Naxçıvan Muxtar Respublikası (az)

Blason de République autonome du Nakhitchevan
Armoiries.
Drapeau de République autonome du Nakhitchevan
Drapeau.
Image illustrative de l’article Nakhitchevan
Carte de localisation du Nakhitchevan.
Administration
Pays Drapeau de l'Azerbaïdjan Azerbaïdjan
Statut politique Territoire autonome de l'Azerbaïdjan
Capitale Nakhitchevan
Président de l'Assemblée suprême Anar İbrahimov (az)
Chef du gouvernement Fuad Nəcəfli (az)
Démographie
Population 400 000 hab. (2009)
Densité 73 hab./km2
Langue(s) Azéri
Géographie
Coordonnées 39° 20′ nord, 45° 30′ est
Superficie 5 502 km2
Divers
Fuseau horaire UTC + 4

Le Nakhitchevan (en azéri : Naxçıvan ; en arménien Նախիջեվան) est une région du Caucase qui constitue aujourd'hui une république autonome et une région économique d'Azerbaïdjan, la république autonome du Nakhitchevan, dont la ville principale et chef-lieu porte le même nom. La région était un canton de la province historique arménienne du Vaspourakan.

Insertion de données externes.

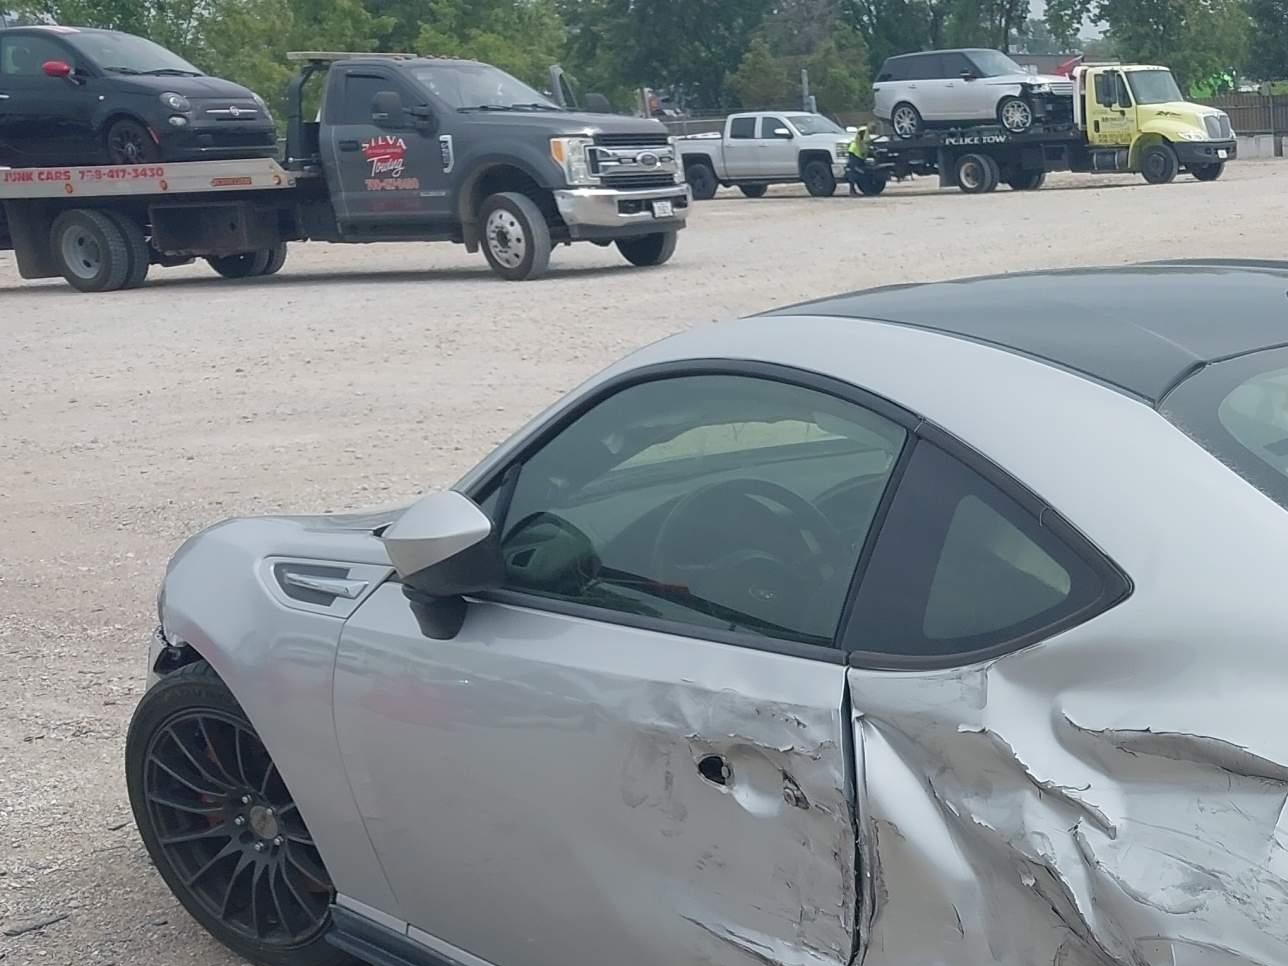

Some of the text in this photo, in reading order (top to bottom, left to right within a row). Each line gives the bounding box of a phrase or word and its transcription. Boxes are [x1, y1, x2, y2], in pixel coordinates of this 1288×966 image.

[945, 135, 1007, 146] POLICE TOW
[4, 171, 33, 183] JUNK
[37, 170, 71, 182] CARS

Le Nakhitchevan a des frontières avec l'Iran, l'Arménie et la Turquie, mais sans continuité territoriale avec la partie principale de l'Azerbaïdjan. Les tensions persistantes avec l'Arménie entravent toute communication directe entre le Nakhitchevan et le reste de l'Azerbaïdjan, accentuant son isolement en tant qu'exclave. Mais cette région est épargnée par la guerre entre ces deux voisins, en partie grâce à la Turquie, alliée de l'Azerbaïdjan, exerçant le rôle de garant selon les termes du traité de Moscou signé entre les Kémalistes et les Soviétiques en 1921[1].

Étymologie modifier

D'après le philologue allemand du XIXe siècle Johann Heinrich Hübschmann, le nom « Nakhitchevan » signifie littéralement en arménien « l'endroit de la descente », référence biblique à la descente de Noé depuis son arche supposée sur le mont Ararat voisin. Hübschmann note toutefois que ce nom n'était pas utilisé sous l'Antiquité et que le nom d'origine était plutôt « Naxcavan ». Le préfixe « Naxc » provient d'un nom et avan (ou van) signifie « ville » ou « village » en arménien[2].

Histoire modifier

Histoire antique et médiévale modifier

Le Nakhitchevan a changé de domination à plusieurs reprises à travers l'histoire : ce canton de la province de Vaspourakan[3], une des provinces de l'Arménie historique[4], passe, après la chute des Arsacides, sous domination perse puis arabe ; revenu dans l'orbite arménienne avec les Bagratides, il est disputé entre les Arçrouni du Vaspourakan, les Siouni de Siounie et les émirs arabes de Dvin.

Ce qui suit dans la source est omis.